Баблия. Книга о бабле и Боге
Шрифт:
– А я попробую. Я попытаюсь. Надоело мне все. Буду жить здесь с тобой. И счастлив буду. Вот только… только…
…Серые спины склонились над мягкой игрушкой и потрошат ее, кромсают ножичком острым. Дочка кричит, закрыв лицо бледными ладошками. Кричит и плачет:
– Он ведь живой, живой! Оставьте его, ему больно!
Не вспомнил эту сцену Алик, а увидел. Прямо посреди оранжереи увидел. Реальнее цветов тропических сцена показалась. Он застонал, сжал голову руками и упал на диван. Ая села рядом. Положила его больную голову на колени, баюкать его начала.

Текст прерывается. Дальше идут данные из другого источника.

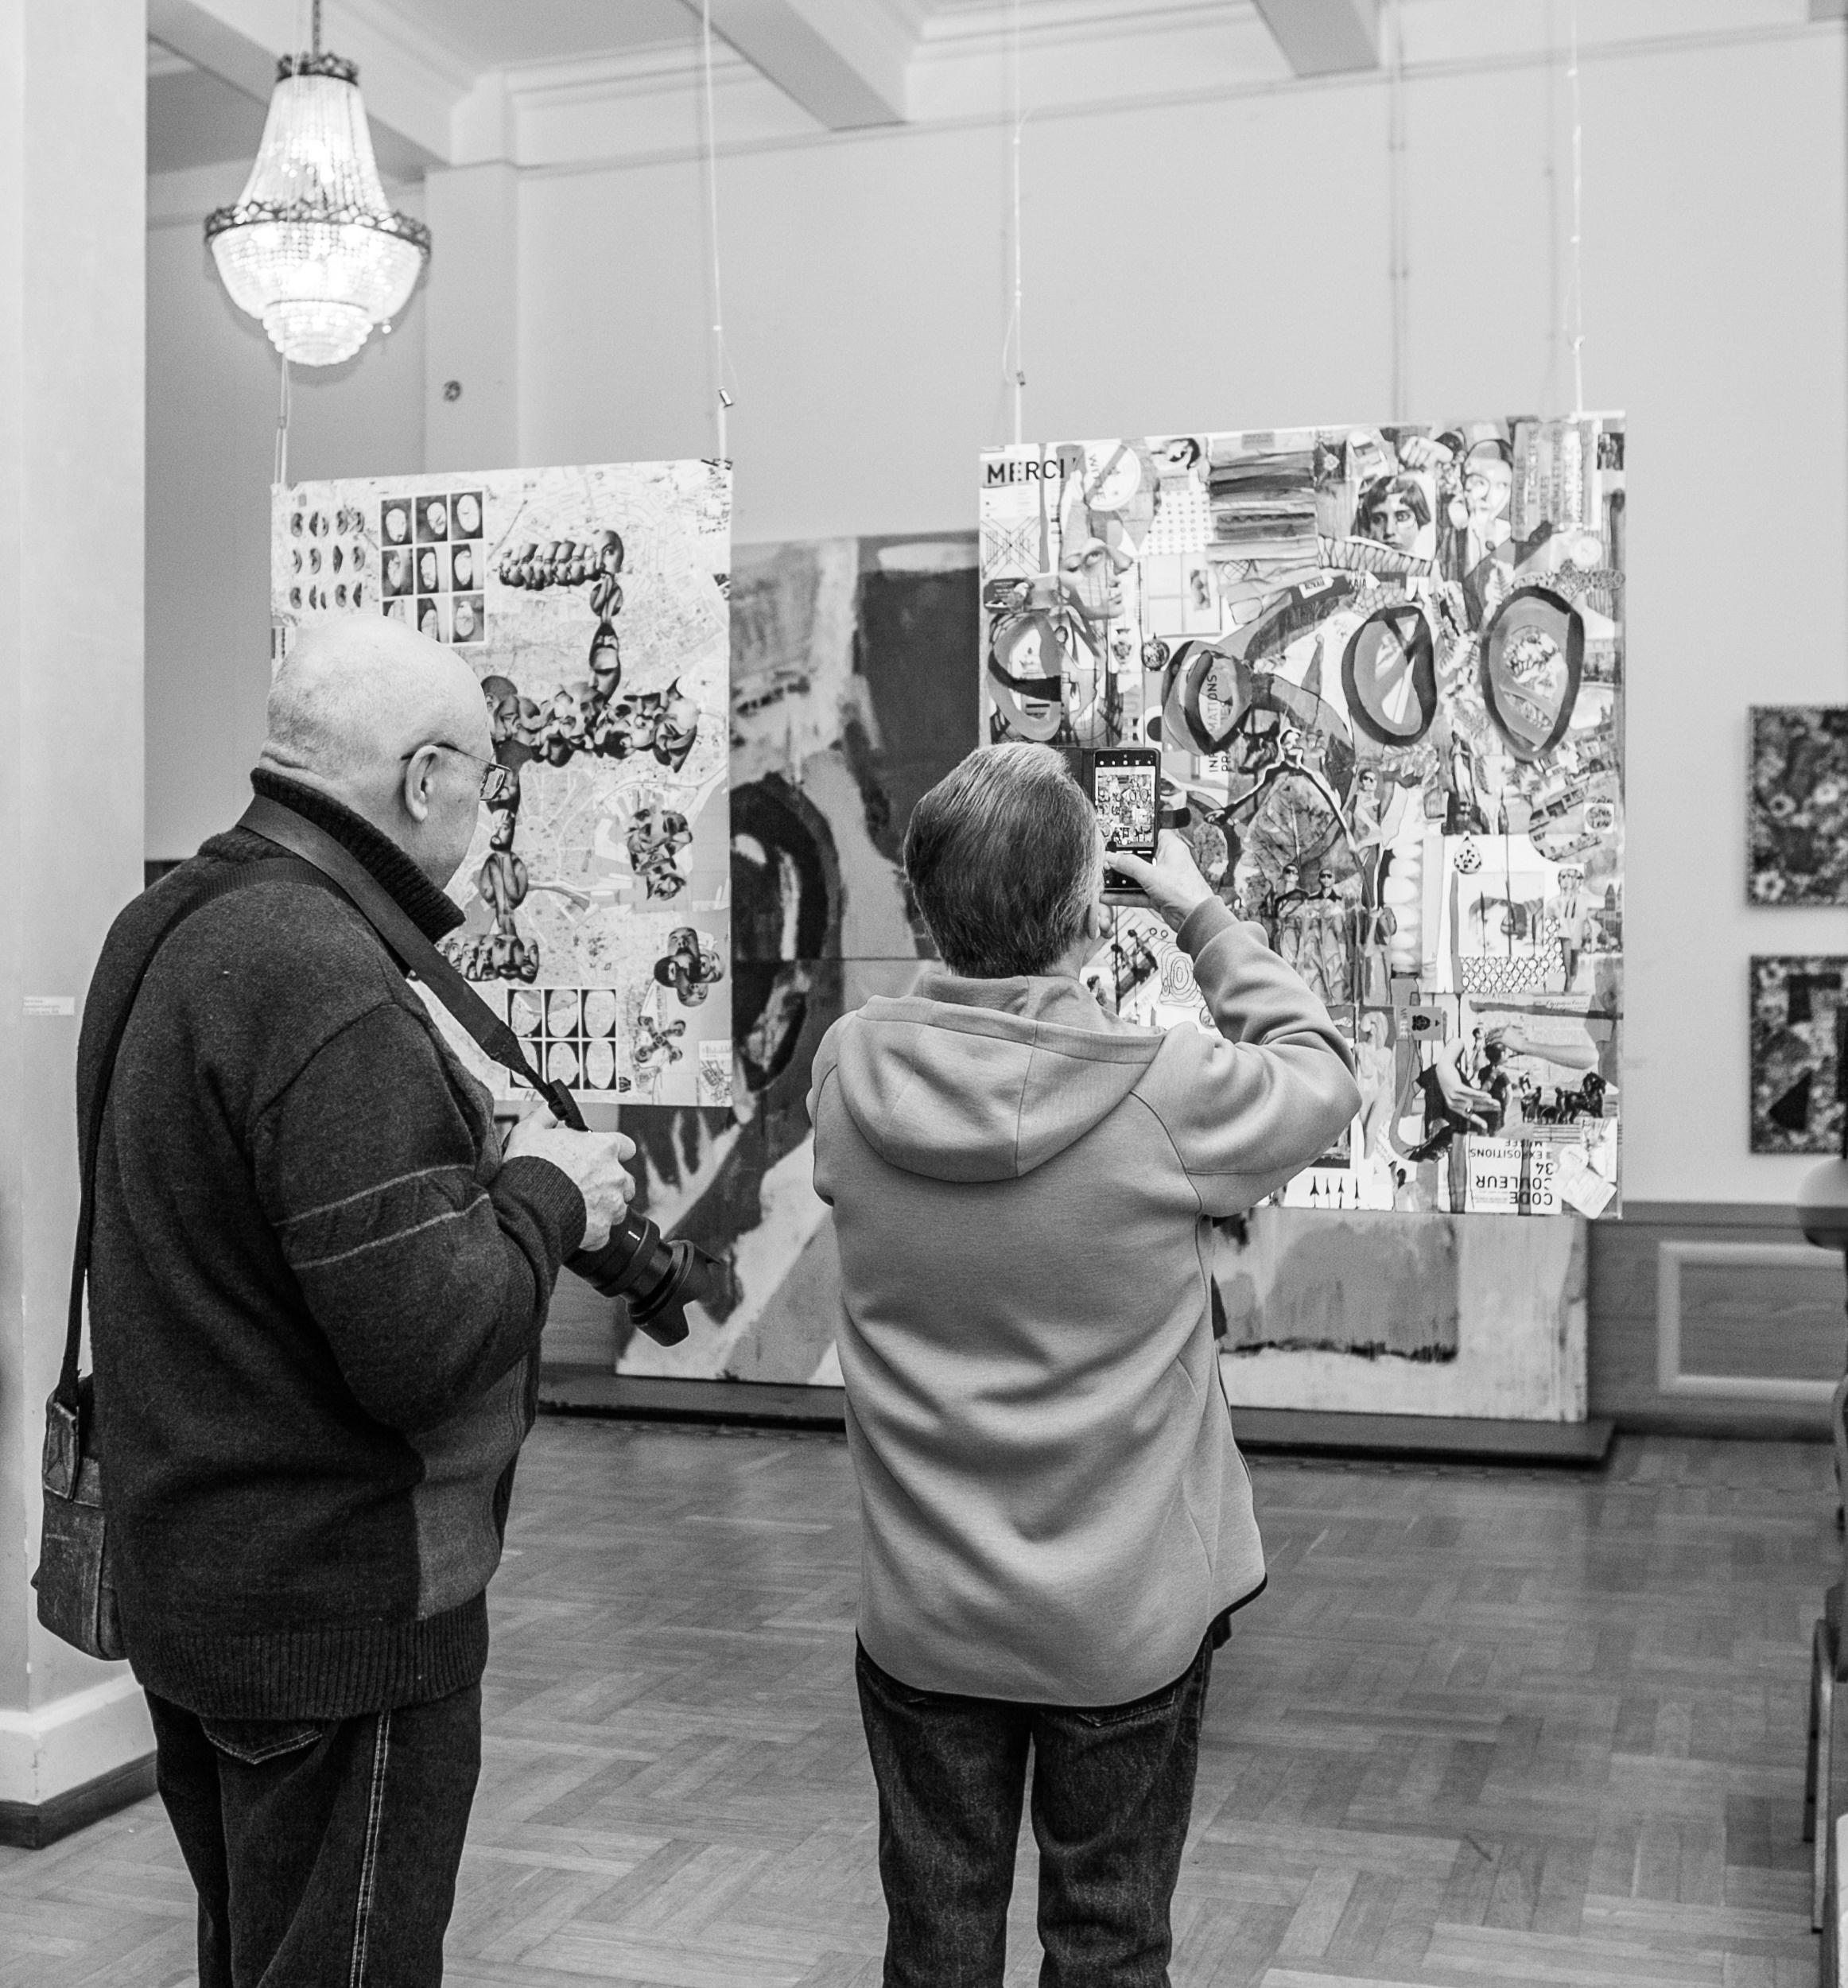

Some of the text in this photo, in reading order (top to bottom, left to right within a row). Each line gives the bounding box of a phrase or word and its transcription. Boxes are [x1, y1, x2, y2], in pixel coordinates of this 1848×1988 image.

[1206, 674, 1218, 772] INFMATIONS
[1469, 1149, 1543, 1159] EXOSITIONS
[1535, 1162, 1554, 1175] 34
[1509, 1191, 1553, 1206] CODE

– Тссссссссс, прости, спи, отдыхай, любимый. А-а-а. Пройдет все. И это пройдет. Тсссссссс. Отдохнуть тебе надо. Я тебе песенку спою колыбельную, и ты заснешь. А-а-а. Мне ее мама пела…
Жил да был один сверчок.
Он был глупый дурачок.
По полям хотел летать,
Не хотел он стрекотать.
А-а-а!
Но сказала ему мать:
Всем сверчкам полезно знать,
Если хочешь ты летать,
Значит, надо стрекотать.
А-а-а!
Так устроен этот свет:
Есть в нем «да», но есть и «нет»,
Есть в нем радость, есть и боль,
Есть слуга и есть король.
А-а-а!
Понял глупенький сверчок,
Повернулся на бочок.
Начал очень сладко спать
И во сне стал стрекотать.
А-а-а!..
Алик слушал колыбельную, и почудился ему скрытый смысл в песенке. Он попытался понять, расшифровать этот смысл, но не смог. Мелодичный голос Аи ловко сливал звуки в слова, а потом снова в звуки, пока не слил песенку в один очень приятный и успокоительный перезвон. Веки его отяжелели, и он уснул.

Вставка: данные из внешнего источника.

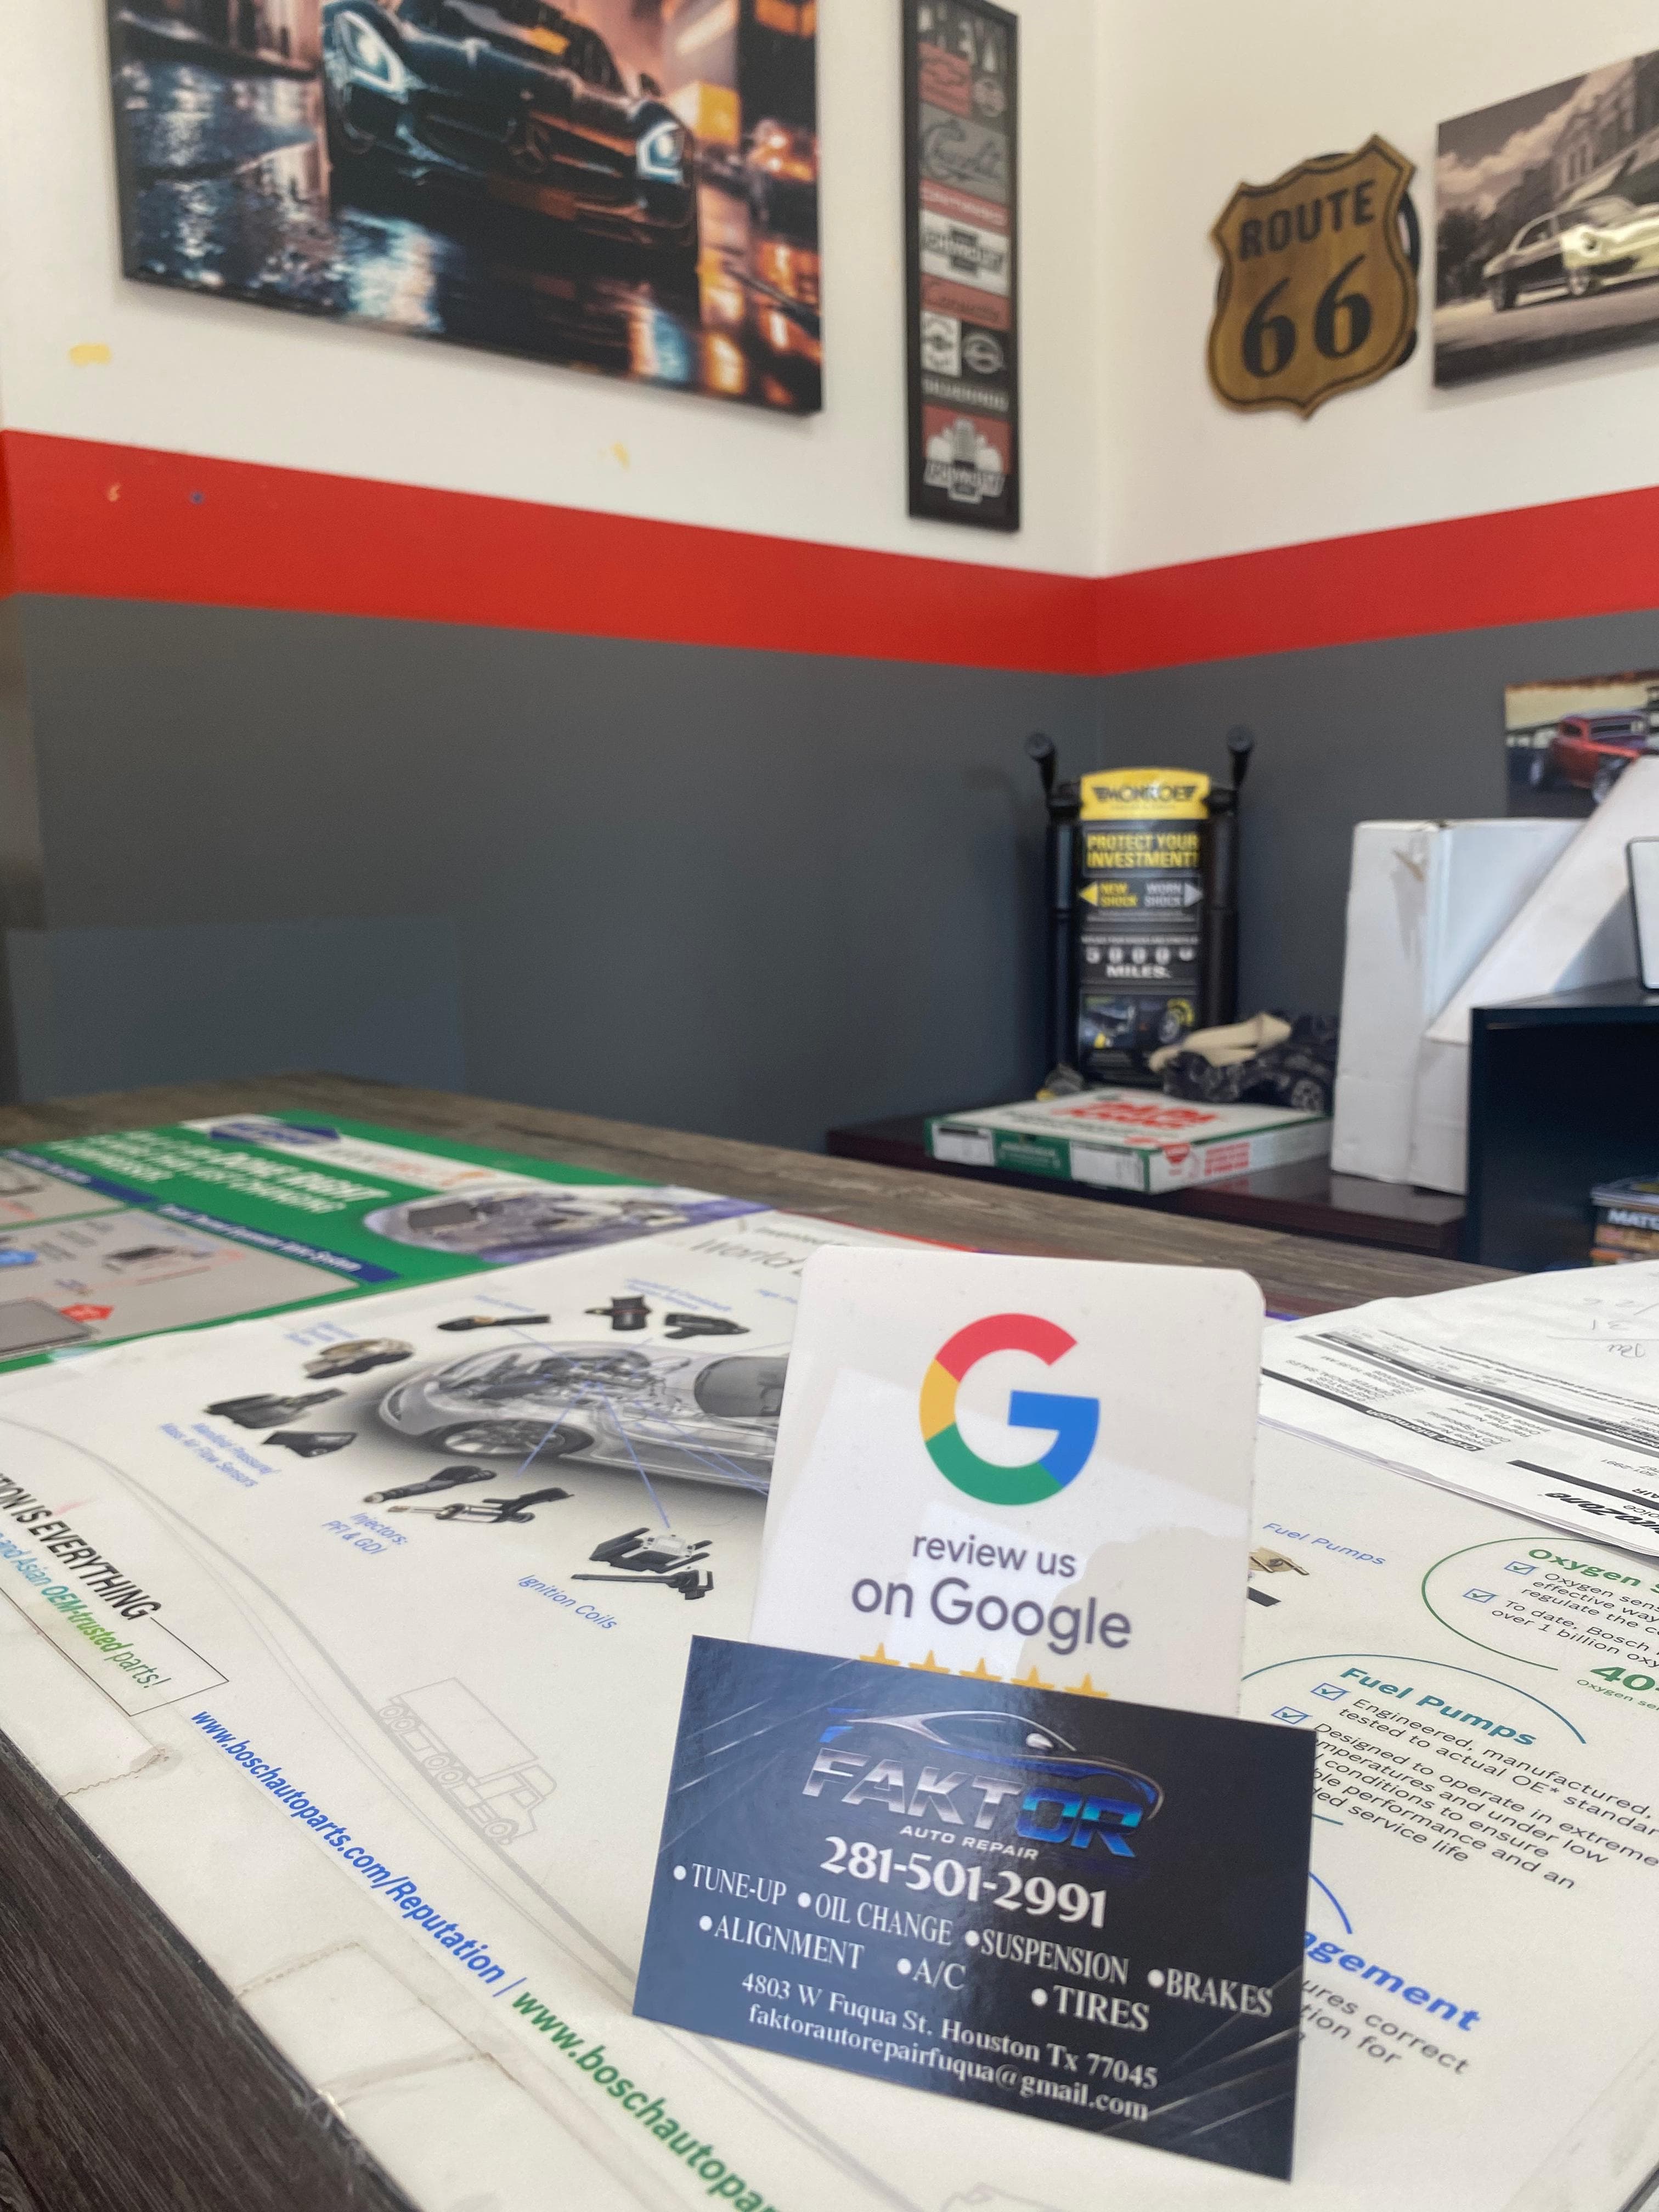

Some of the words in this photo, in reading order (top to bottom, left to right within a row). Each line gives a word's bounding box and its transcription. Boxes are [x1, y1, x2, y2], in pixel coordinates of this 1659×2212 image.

[1239, 178, 1375, 261] ROUTE
[1242, 253, 1373, 379] 66
[1087, 833, 1150, 850] PROTECT
[1154, 833, 1198, 850] YOUR
[1365, 1409, 1435, 1438] Information
[1437, 1436, 1477, 1451] Order
[11, 1504, 53, 1523] IS
[1262, 1522, 1310, 1541] Fuel
[1311, 1537, 1387, 1566] Pumps
[1545, 1492, 1659, 1536] utoZone
[28, 1520, 162, 1621] EVERYTHING
[913, 1534, 1027, 1571] review
[1036, 1549, 1076, 1578] us
[1528, 1548, 1641, 1588] Oxygen
[1545, 1573, 1613, 1598] Oxygen
[517, 1574, 577, 1608] Ignition
[575, 1604, 619, 1630] Coils
[851, 1577, 913, 1618] on
[930, 1576, 1132, 1655] Google
[1504, 1600, 1526, 1612] To
[1531, 1610, 1578, 1630] date,
[1586, 1626, 1650, 1652] Bosch
[1521, 1588, 1600, 1616] regulate
[1606, 1613, 1639, 1628] the
[1532, 1580, 1616, 1609] effective
[41, 1584, 134, 1652] OEM-trusted
[104, 1648, 172, 1689] parts!
[1491, 1610, 1535, 1626] over
[1556, 1627, 1621, 1655] billion
[1340, 1667, 1414, 1699] Fuel
[1415, 1694, 1537, 1746] Pumps
[1576, 1679, 1634, 1702] Oxygen
[1339, 1707, 1406, 1738] tested
[1408, 1735, 1430, 1748] to
[1436, 1747, 1507, 1778] actual
[1352, 1699, 1473, 1752] Engineered,
[1482, 1748, 1651, 1819] manufactured,
[802, 1747, 1143, 1858] FAKTOR
[1314, 1723, 1411, 1765] Designed
[1412, 1762, 1434, 1776] to
[1439, 1774, 1525, 1812] operate
[1530, 1808, 1553, 1825] in
[1559, 1821, 1659, 1866] extreme
[1316, 1740, 1436, 1793] mperatures
[1439, 1791, 1485, 1812] and
[1487, 1810, 1560, 1843] under
[1562, 1839, 1610, 1863] low
[1325, 1759, 1436, 1810] conditions
[1440, 1806, 1464, 1821] to
[1469, 1819, 1550, 1859] ensure
[190, 1710, 506, 1985] www.boschautoparts.com/Reputation
[899, 1825, 955, 1844] AUTO
[961, 1836, 1040, 1861] REPAIR
[1342, 1785, 1487, 1850] performance
[1491, 1847, 1542, 1873] and
[1543, 1870, 1576, 1889] an
[1347, 1805, 1427, 1844] service
[1432, 1835, 1469, 1862] life
[820, 1836, 1107, 1929] 281-501-2991
[691, 1863, 787, 1906] TUNE-UP
[815, 1892, 851, 1925] OIL
[857, 1901, 954, 1946] CHANGE
[980, 1928, 1130, 1985] SUSPENSION
[1165, 1967, 1273, 2018] BRAKES
[715, 1915, 865, 1970] ALIGNMENT
[912, 1957, 967, 1990] A/C
[1053, 1984, 1150, 2032] TIRES
[742, 1972, 791, 2000] 4803
[798, 1984, 822, 2007] W
[828, 1991, 898, 2028] Fuqua
[902, 2008, 934, 2036] St.
[940, 2017, 1041, 2062] Houston
[1046, 2042, 1079, 2073] Tx
[1086, 2052, 1158, 2090] 77045
[749, 2004, 1149, 2122] faktorautorepairfuqua@gmail.com
[1356, 2035, 1403, 2064] for
[1364, 2013, 1470, 2075] correct

Следующие несколько дней как во сне и прошли. Ел, пил, сексом занимался с Аей, но именно занимался, как ел, пил или в туалет по нужде заглядывал. Мысли не то чтобы исчезли, наоборот, много их очень стало.
Ая готовила ему еду, хлопотала по хозяйству, иногда исчезала из дома ненадолго. Он не замечал ее отсутствия, валялся весь день на диване в оранжерее, в небо смотрел тупо, слушал пение птичек, потом засыпал. Периодически Ая подходила к дивану, приносила еду, кофе и сигареты. Иногда она гладила его по голове и целовала в лоб. Несколько раз Алик задерживал ее руку в своей и… После секса она снова целовала его в лоб и уходила в глубину дома. Мать заботливая ребенку перед сном подгузники меняет – вот на что секс их похож был.
К исходу недели гул в голове начал утихать, распадаться на звуки разной тональности. Сумбур, конечно, вместо музыки, но не гул. Попытка вырваться из хаоса. А потом мысли появились. Как на параде перед Аликом вышагивали. Только войска в дупель пьяные были. Не ряды стройные, а сброд шатающийся. Смешались полки, пали на карачки. Вставали, снова падали.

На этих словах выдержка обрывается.